Pap smear is great way to detect the cervical cancer on time, as cervical cancer is the fourth most common cause of deaths among women worldwide.
How Is Pap Smear Done?
It is a simple procedure that won’t hurt. Usually it is performed by a experienced gynecologist in NY. You should lay down on a table with the legs open and spread. With the help of an instrument called speculum the doctor will open the walls of the vagina and rich the cervix. With the help of the speculum your doctor now has a good visualization and access to the cervix. The surface of the cervix is than scraped with a spatula, which is a plastic tool. This spatula is than put into a glass and sent for further laboratory analysis. In the laboratory this smear is looked under the microscope for any abnormal appearance of the cells of cervix uteri.
Pap Smear: Aftercare Instructions
Once the procedure is done, you should wear a pad, just as a safety precaution as there might be a little spotting after the Pap smear. Sexual intercourse should be avoided for a few days, as well as wearing tampons as excessive pressure could hurt your cervix and make it bleed. This is all due to an increased sensitivity of the cervix cue to scrapping during Pap smear.

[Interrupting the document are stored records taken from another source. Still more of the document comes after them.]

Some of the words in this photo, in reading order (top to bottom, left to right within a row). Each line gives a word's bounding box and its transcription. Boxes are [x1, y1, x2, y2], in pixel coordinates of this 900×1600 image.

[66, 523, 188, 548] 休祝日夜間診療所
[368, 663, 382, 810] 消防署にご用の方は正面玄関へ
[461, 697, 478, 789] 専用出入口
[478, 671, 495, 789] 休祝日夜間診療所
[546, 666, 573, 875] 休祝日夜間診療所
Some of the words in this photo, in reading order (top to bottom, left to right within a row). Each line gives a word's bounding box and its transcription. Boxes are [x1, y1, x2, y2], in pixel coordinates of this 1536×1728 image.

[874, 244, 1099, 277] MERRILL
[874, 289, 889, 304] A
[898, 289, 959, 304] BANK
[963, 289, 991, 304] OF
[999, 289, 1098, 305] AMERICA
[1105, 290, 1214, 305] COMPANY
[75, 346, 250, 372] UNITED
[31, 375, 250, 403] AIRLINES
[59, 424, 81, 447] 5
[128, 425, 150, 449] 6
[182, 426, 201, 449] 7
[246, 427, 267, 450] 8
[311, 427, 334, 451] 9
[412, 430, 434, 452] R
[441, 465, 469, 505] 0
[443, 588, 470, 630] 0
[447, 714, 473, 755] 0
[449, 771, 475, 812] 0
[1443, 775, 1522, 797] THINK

Do not worry, as it is normal to have spotting after a Pap smear. It usually stops by itself, after a few hours, sometimes after a few days. Spotting after a Pap smear can be caused due to the following reasons:
- Cervical Scratching With A Spatula
- Bleeding As A Consequence Of The Polyp Laceration
- Excessive Circulation Of The Cervix
What are the possible findings of the Pap Smears?

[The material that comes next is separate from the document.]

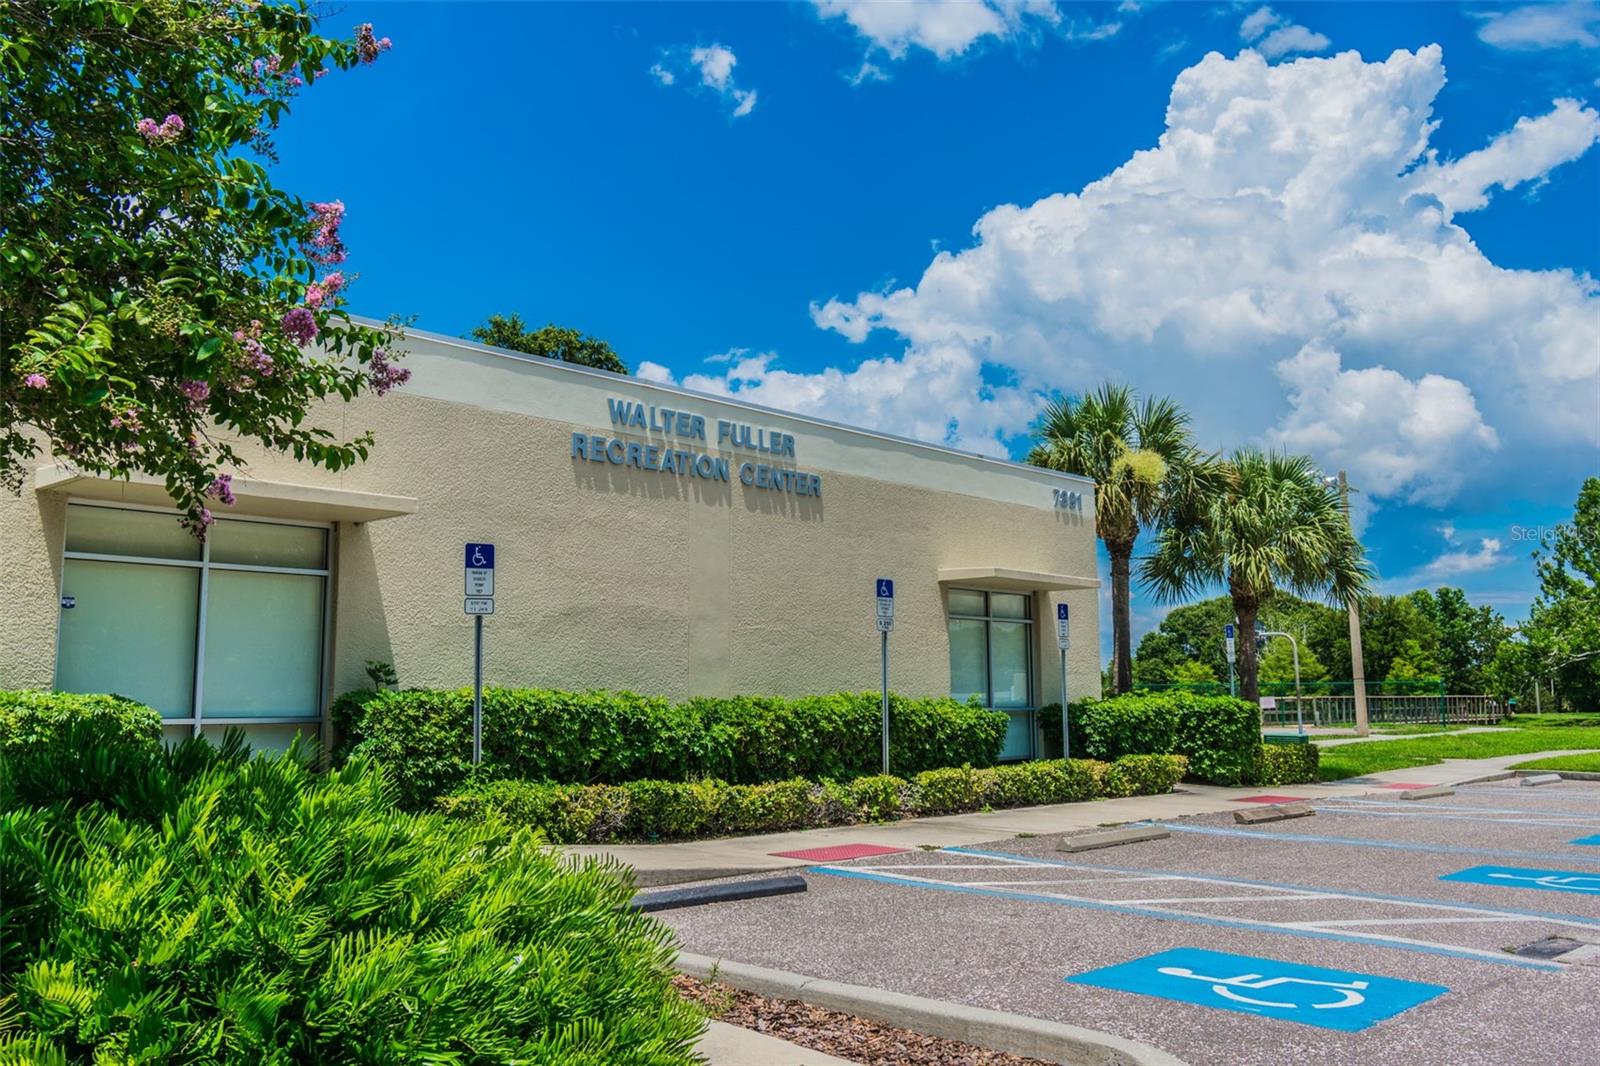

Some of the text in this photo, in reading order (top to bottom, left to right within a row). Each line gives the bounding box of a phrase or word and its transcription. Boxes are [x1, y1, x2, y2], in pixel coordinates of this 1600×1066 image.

[607, 398, 796, 457] WALTER FULLER
[571, 432, 822, 497] RECREATION CENTER

- Negative finding– which means that the cells of the cervix are normal in size and shape and that there’s no abnormality.

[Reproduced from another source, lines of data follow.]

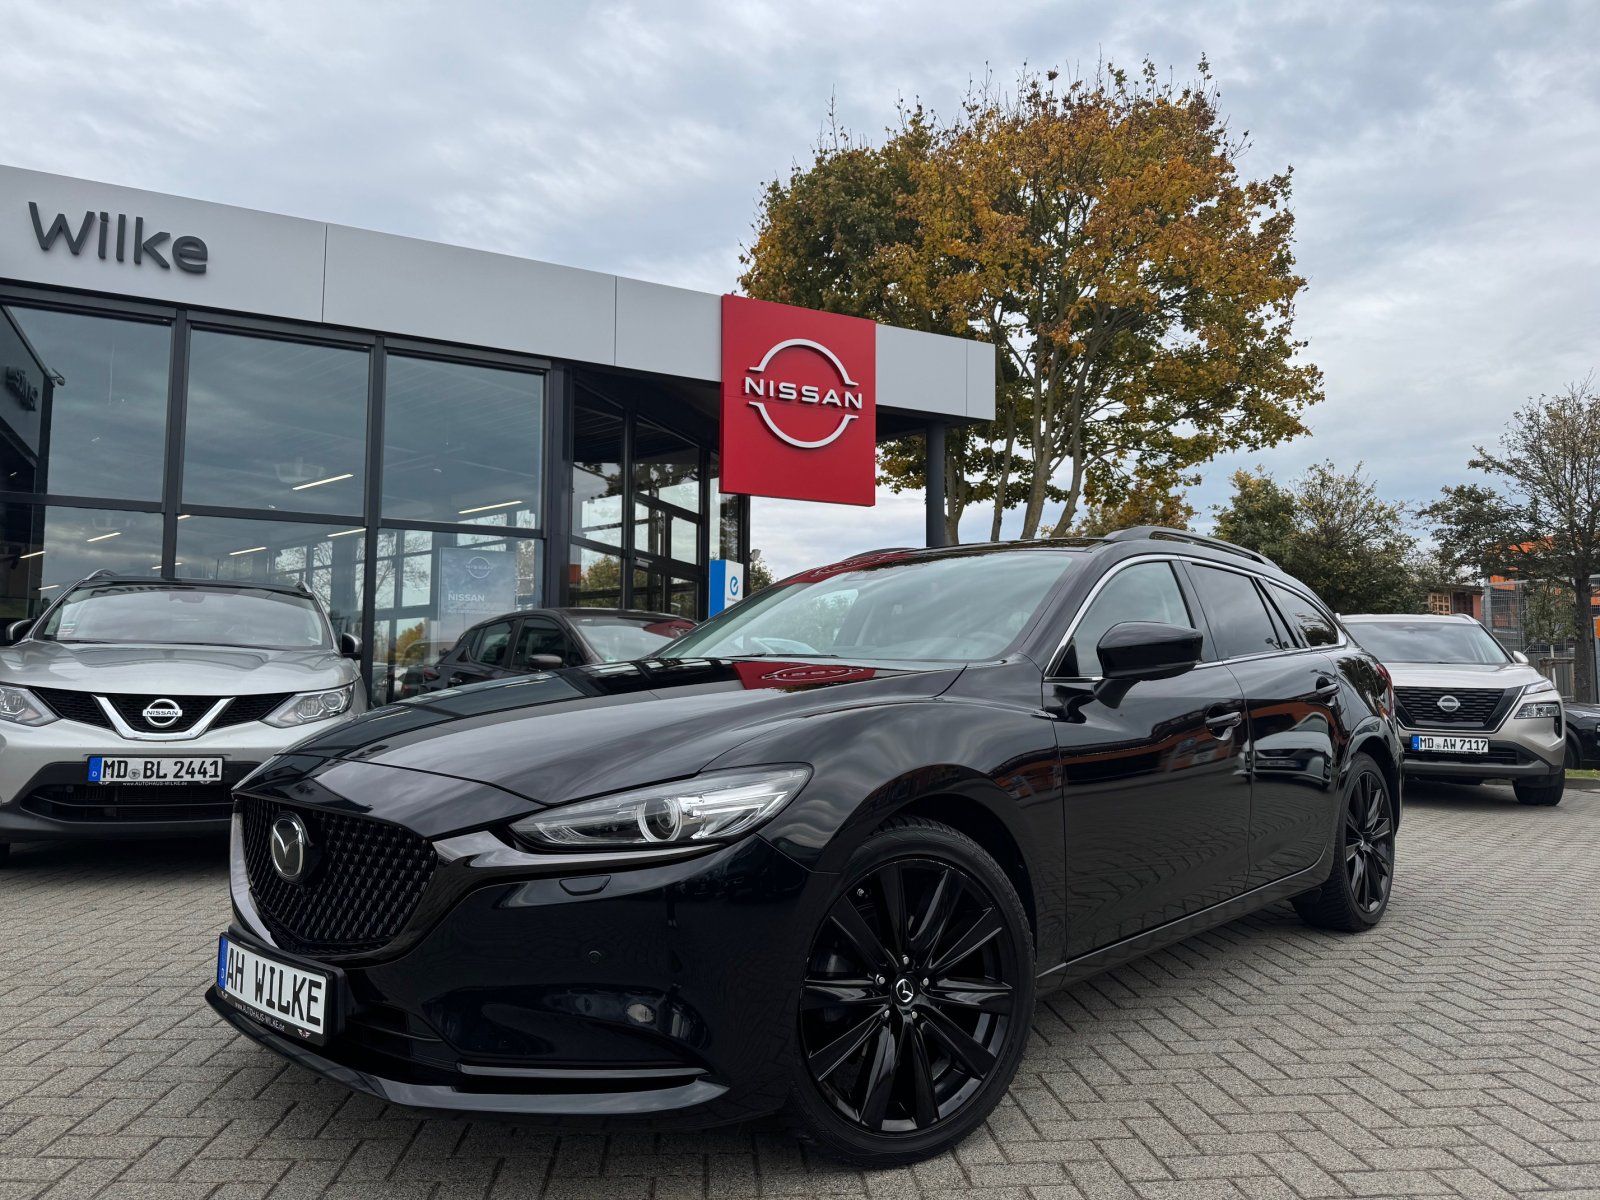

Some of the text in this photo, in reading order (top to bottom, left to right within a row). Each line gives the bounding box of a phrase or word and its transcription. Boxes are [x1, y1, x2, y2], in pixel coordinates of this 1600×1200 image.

[28, 201, 208, 274] Wilke
[744, 376, 863, 409] NISSAN
[448, 593, 485, 602] NISSAN
[1420, 738, 1487, 750] MD AW 7117
[103, 760, 219, 779] MD BL 2441
[227, 948, 322, 1027] AH WILKE

- Positive findings – which mean that there are some abnormalities with the appearance of the cells. In these cases further examinations and another Pap smear are recommended. Do not worry, as it does not always mean cervical cancer (Read also: Breast Cancer Prevention).
The National Cancer Institute categorizes the Pap smear samples as follows:
- Atypical squamous cells (ASC) – there are two groups ASC-US, and ASC-H. ASC-US: atypical squamous cells of undetermined significance, and ASC-H: atypical squamous cells, cannot exclude a high-grade squamous intraepithelial lesion.
- Low-grade squamous intraepithelial lesions (LSILs) – usually caused by HPV infections. These are considered as mild abnormalities.
- High-grade squamous intraepithelial lesions (HSILs)– are more likely to progress into cancer if they are not treated. The abnormalities are more severe in this case.
- Squamous cell carcinoma– which is cervical cancer.